In silk, however, the protein chains are only tangled up in some places. Elsewhere they are packed together side by side in an orderly pattern, rather like crimped hair. This orderliness is like the way atoms are packed in crystals: each spaced the same distance apart, like a troop of soldiers. So in these crimped regions, the silk is basically a crystal.

When a polymer forms a crystal, it can’t easily be stretched or broken if pulled in the direction that the chains are facing. So the key to making strong polymer fibres is to get the chains to crystallise so that they all point along the fibre. All polymers have some ‘crystalline’ regions, where the chains line up, but silk has more than most, and this gives it its strength. The molecular chains of Kevlar are oriented too: they are less floppy than most polymer chains, and so they line up quite easily.

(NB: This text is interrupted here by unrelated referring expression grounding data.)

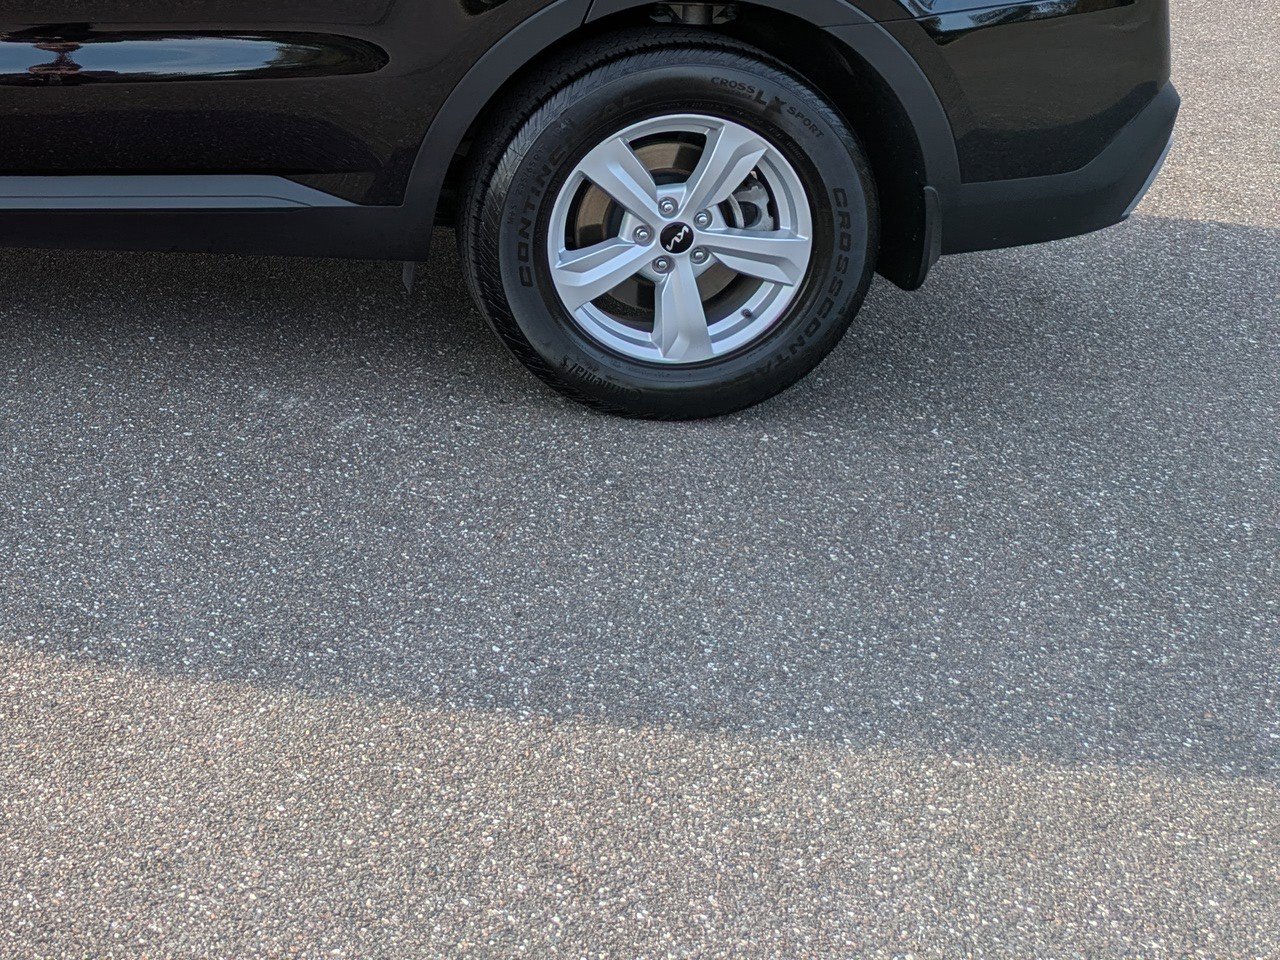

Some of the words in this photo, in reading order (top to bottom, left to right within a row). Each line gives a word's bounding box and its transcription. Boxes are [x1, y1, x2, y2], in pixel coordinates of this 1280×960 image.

[517, 97, 644, 288] CONTINEAL
[710, 76, 756, 94] CROSS
[786, 106, 825, 138] SPORT
[740, 187, 853, 382] CROSSCONTA
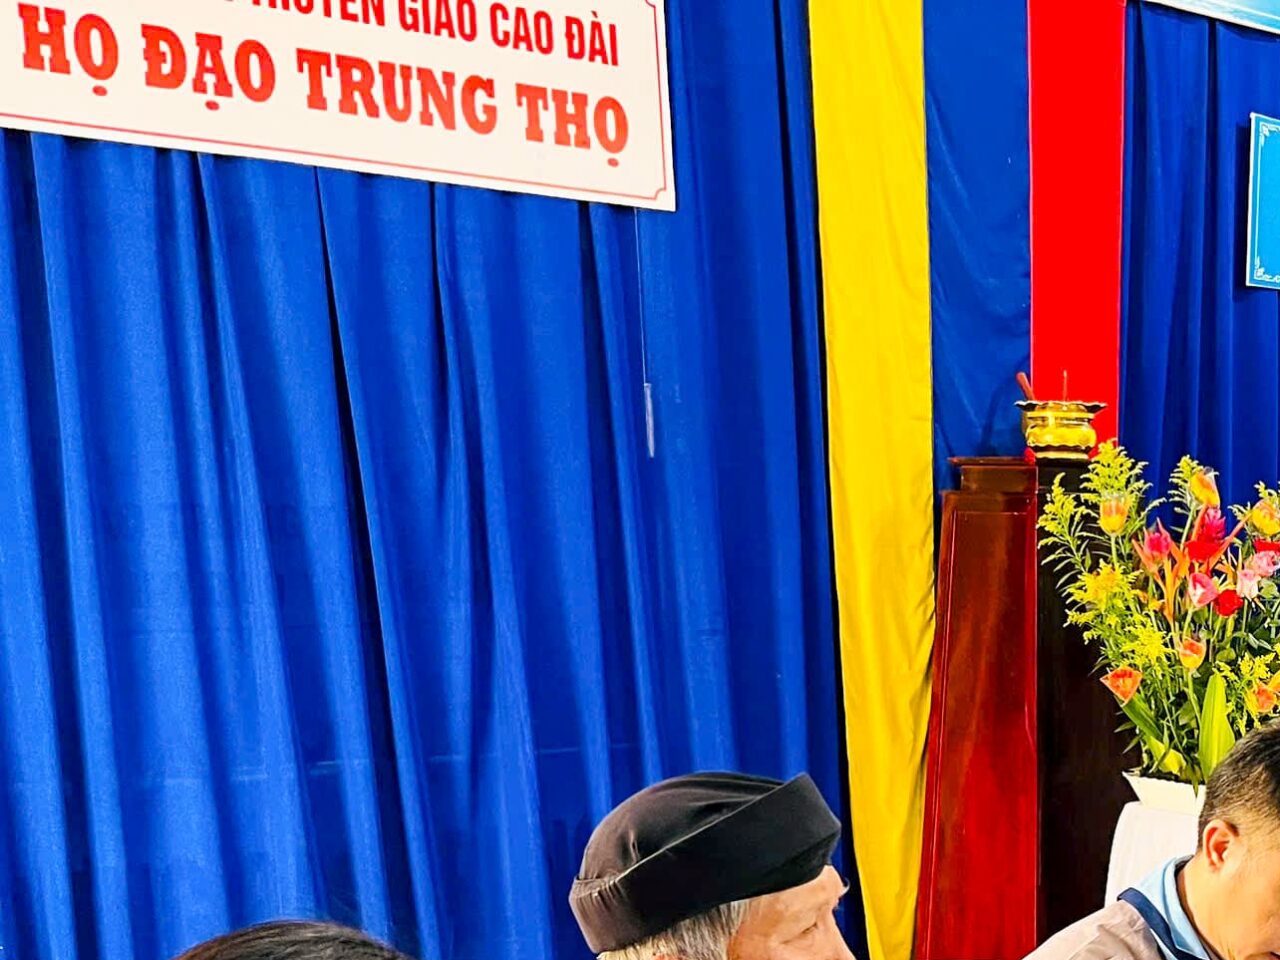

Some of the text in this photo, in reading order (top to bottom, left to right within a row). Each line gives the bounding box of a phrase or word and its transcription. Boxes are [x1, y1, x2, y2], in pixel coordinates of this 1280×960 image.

[17, 2, 629, 167] HỌ ĐẠO TRUNG THỌ
[489, 2, 554, 55] CAO
[564, 10, 619, 67] ĐÀI
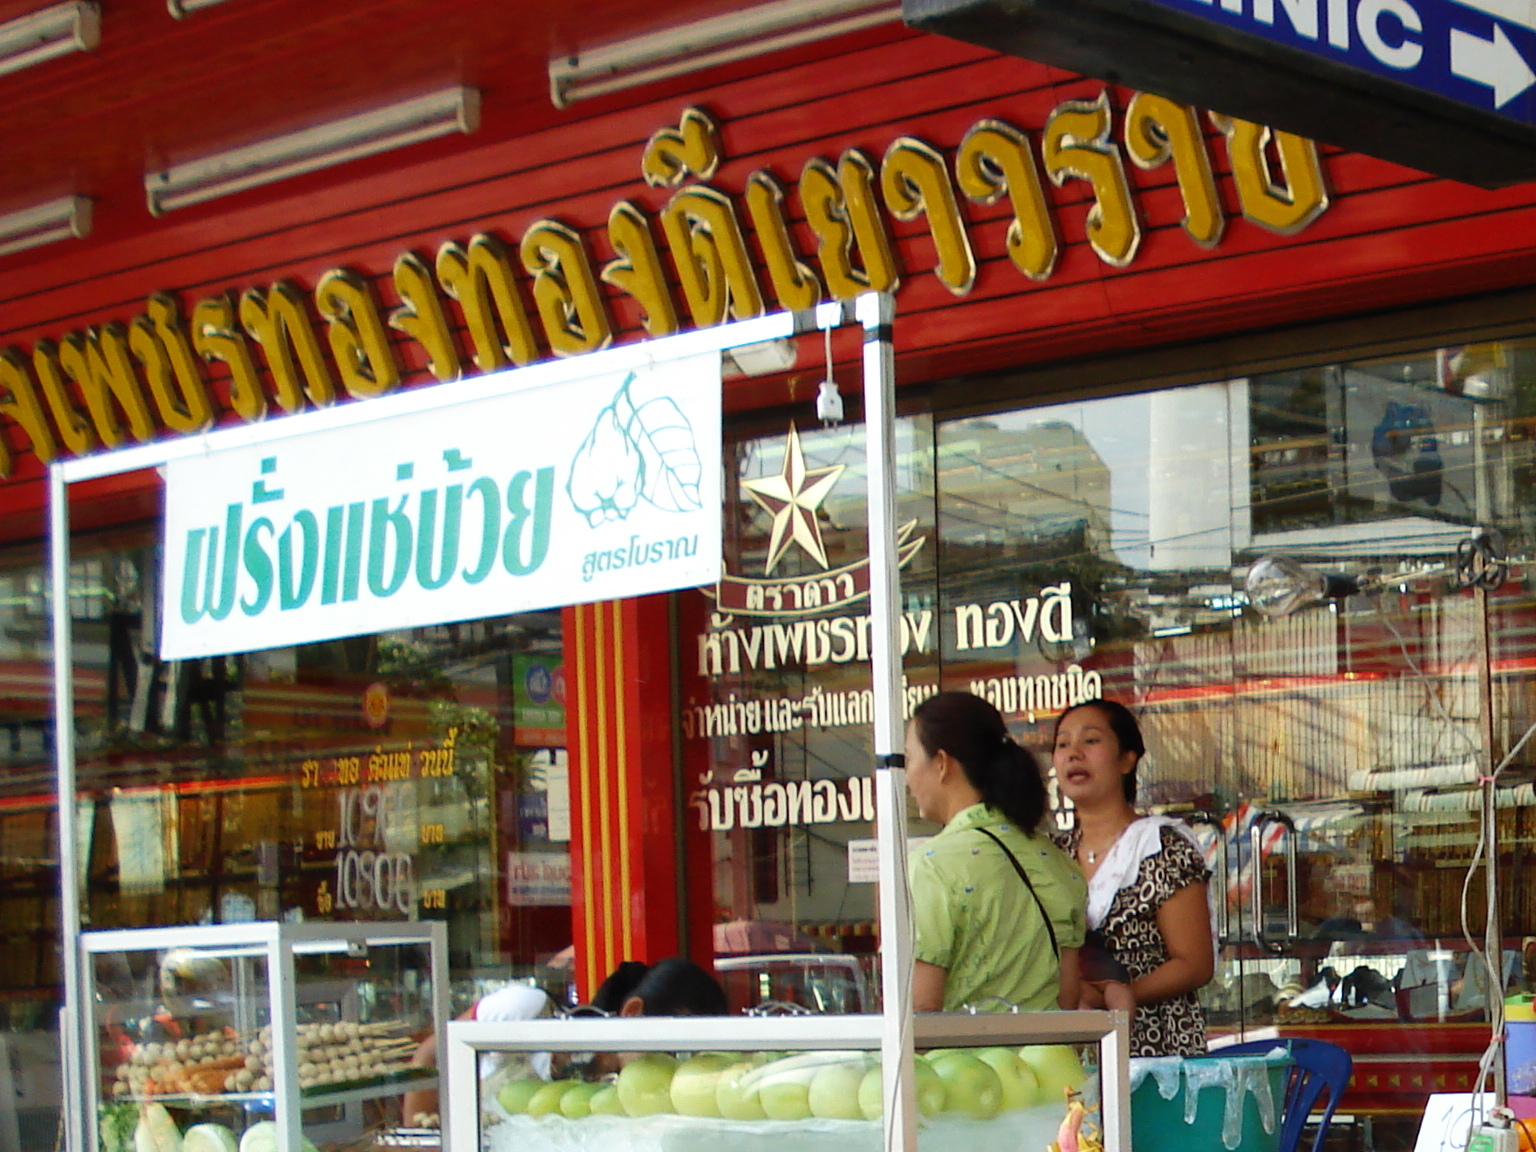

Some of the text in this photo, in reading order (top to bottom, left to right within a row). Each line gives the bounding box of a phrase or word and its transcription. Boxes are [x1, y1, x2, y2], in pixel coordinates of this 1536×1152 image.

[581, 534, 699, 583] สูตรโบราณ
[745, 572, 855, 611] ตราดาว
[956, 582, 1075, 652] ทองดี

It doesn’t really much matter what a polymer’s chains are made from: so long as you can make the chains line up, you can make strong fibres from it.

Synthetic silk

That’s one of the secrets of silk’s success: it’s not so much what it’s made from, but how you make it (see The history of silk). More than 300 years ago, an English scientist named Robert Hooke proposed that silk might be imitated by letting glue get tacky and then pulling it out into a thread. This is pretty much what a spider does with silk itself. Inside the spider’s body are glands where silk protein is made. These proteins are dissolved in water, making a sticky liquid. But the spider draws this stuff out into a thread by squeezing it through a tube in its rear, called the spinneret, and pulling the soft mixture rapidly into a long fibre. It is this ‘spinning’ process that stretches out and aligns the protein chains. We don’t yet know all the secrets of how the spider spins its yarn. If we simply make a tacky solution of silk protein and try to draw it into threads as Hooke suggested, the resulting strands are never as strong as real silk.

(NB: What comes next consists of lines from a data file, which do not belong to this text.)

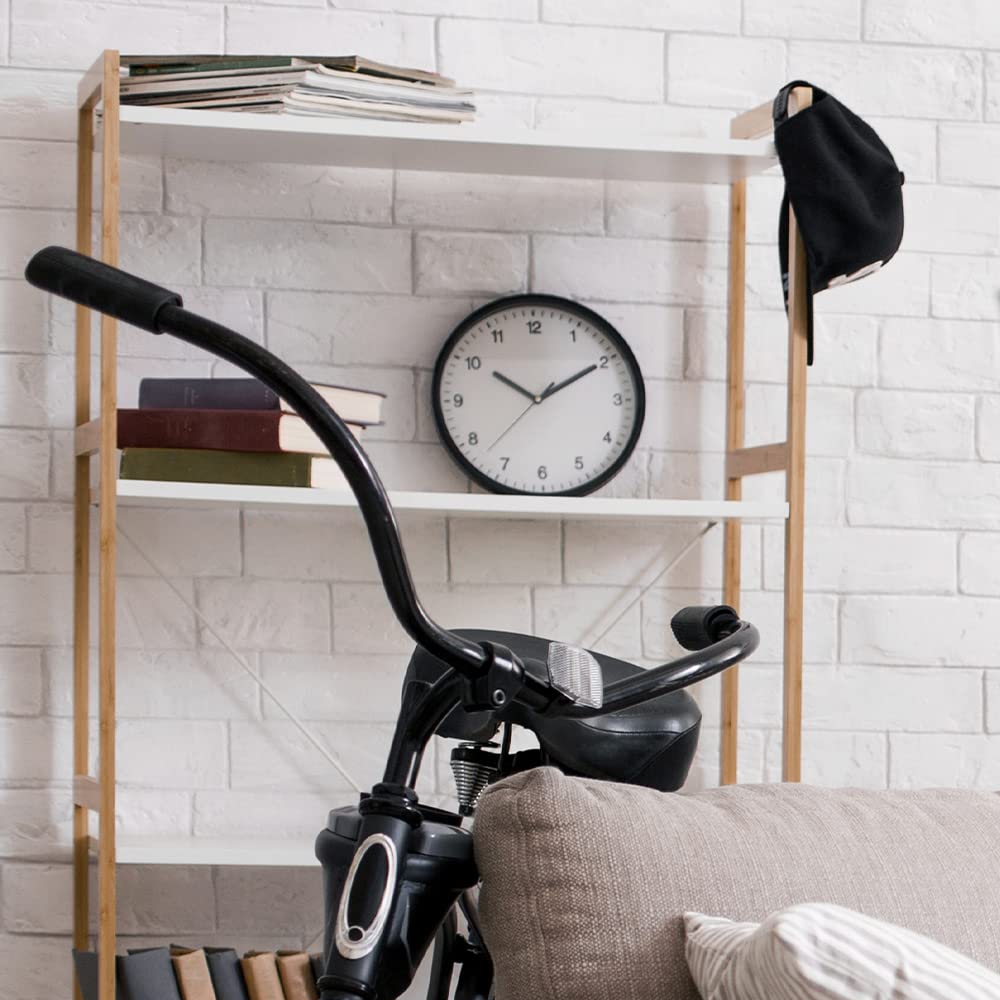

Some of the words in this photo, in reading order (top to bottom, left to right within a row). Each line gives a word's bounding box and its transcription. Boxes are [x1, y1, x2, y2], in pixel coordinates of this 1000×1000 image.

[526, 320, 542, 335] 12
[491, 329, 504, 343] 11
[569, 330, 576, 342] 1
[465, 355, 481, 370] 10
[599, 355, 609, 369] 2
[453, 394, 463, 408] 9
[613, 393, 622, 406] 3
[468, 432, 478, 446] 8
[602, 431, 612, 443] 4
[500, 457, 510, 471] 7
[574, 456, 584, 470] 5
[537, 466, 548, 480] 6
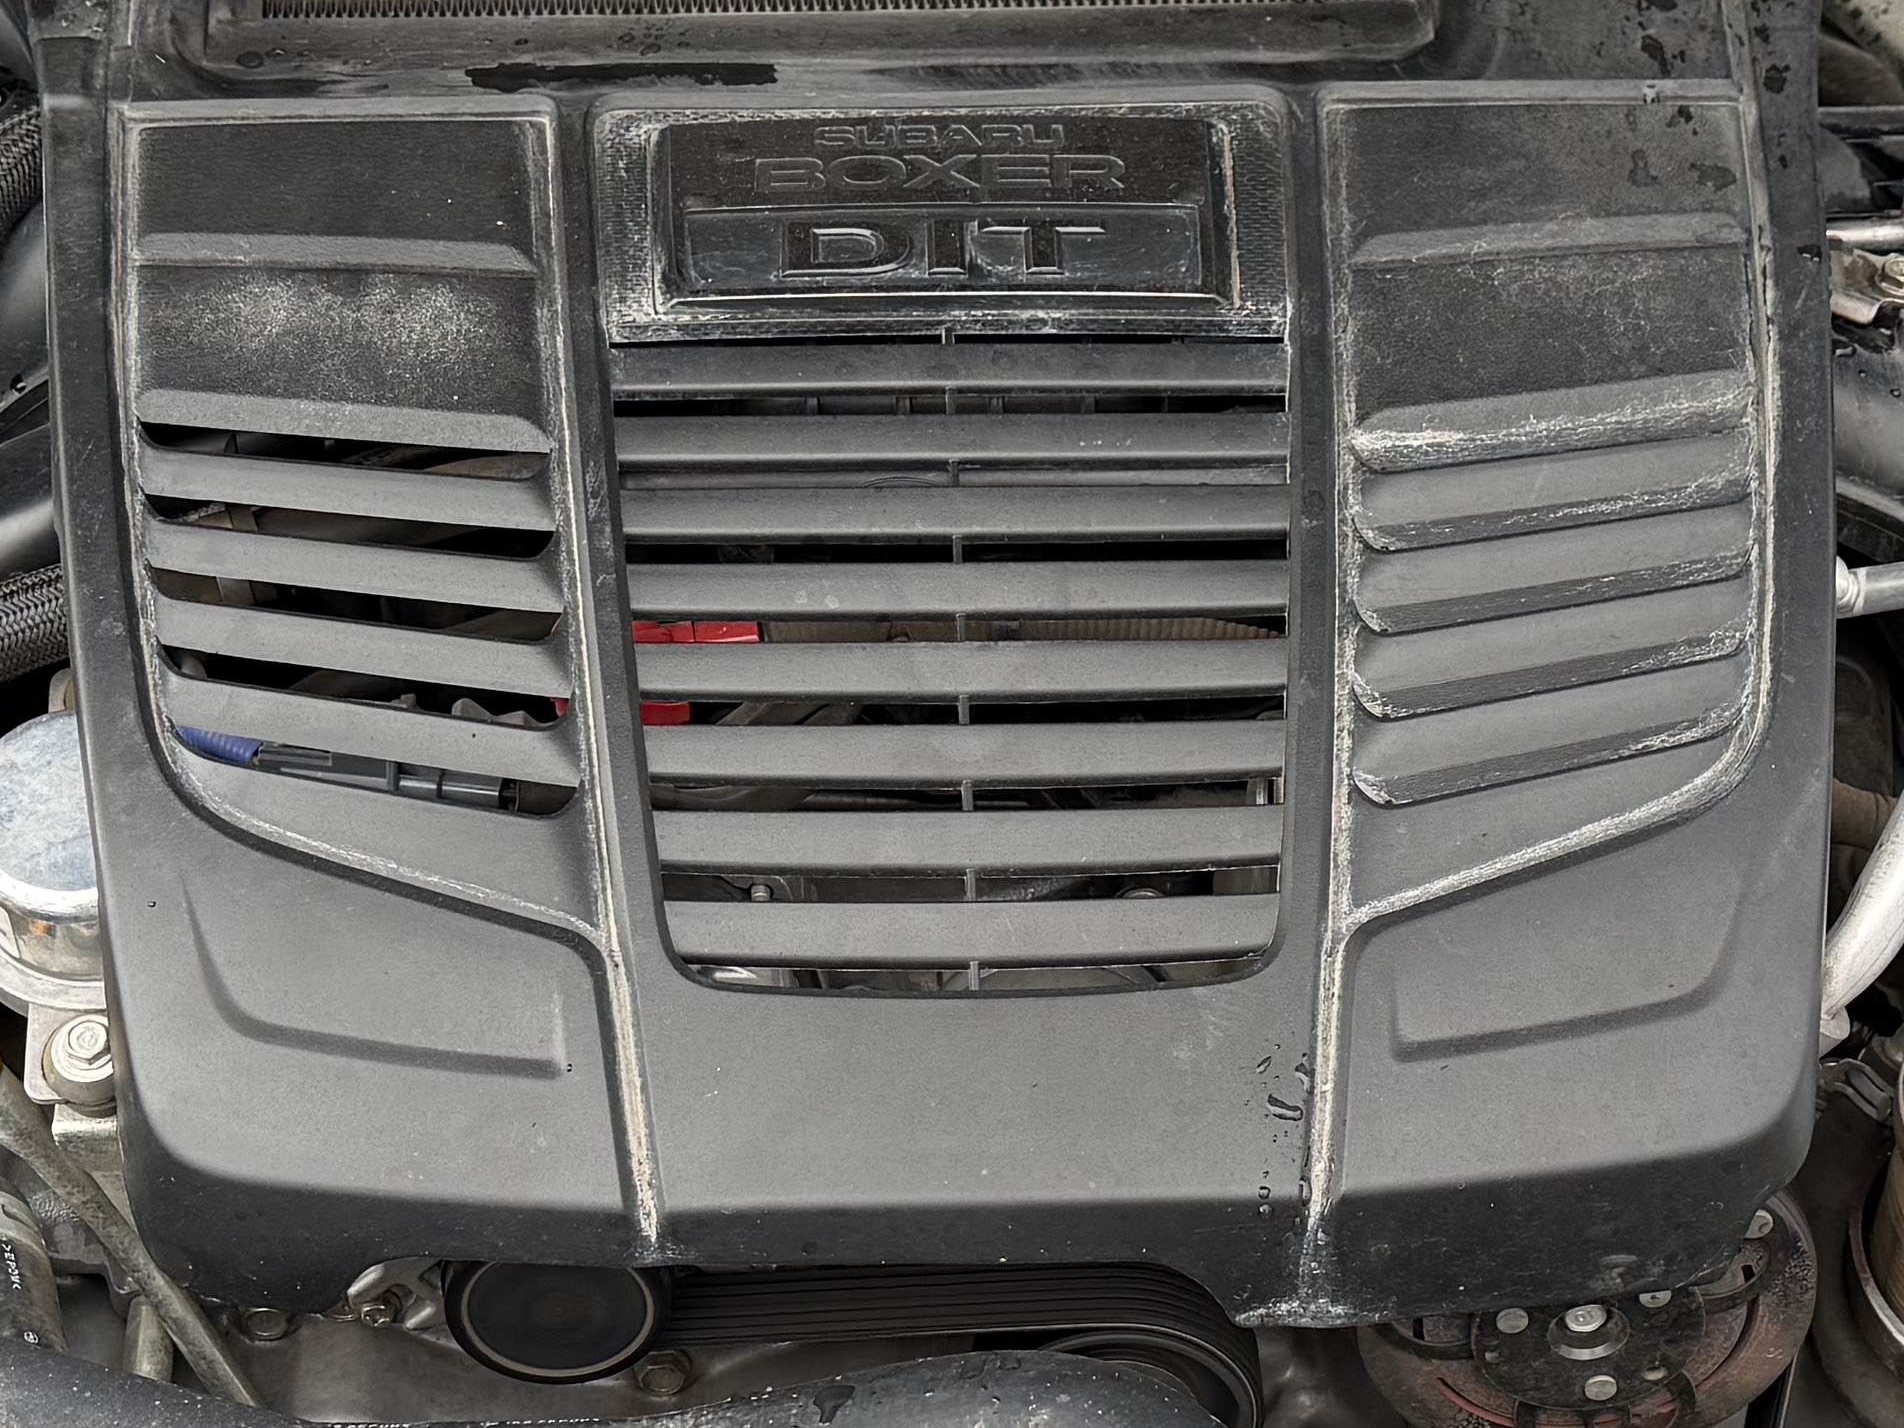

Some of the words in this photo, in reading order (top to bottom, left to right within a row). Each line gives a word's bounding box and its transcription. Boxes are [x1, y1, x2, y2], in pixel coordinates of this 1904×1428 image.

[813, 122, 1066, 150] SUBARU
[755, 154, 1126, 192] BOXER
[780, 219, 1107, 278] DIT

Even so, scientists are hoping that it will one day be possible to make silk artificially – perhaps by building an artificial spinneret. To get the raw silk protein, one of the most promising ideas is to reprogramme the genes of bacteria so that they manufacture it.

Spiders ‘remember’ how to put silk together from amino acids because this information is stored in their genes. These silk genes can be copied and pasted into the DNA of bacteria (see DNA and genes), which then produce silk protein themselves.

Some people are uncomfortable with the idea of genetic modification of organisms. Is it better to breed silkworms for their silk, or to breed genetically modified bacteria? Other researchers are trying to insert silk genes into goat DNA, so that the goats make silk protein in their milk. There’s no reason to think this would harm the goats, but is it right to do it? What do you think?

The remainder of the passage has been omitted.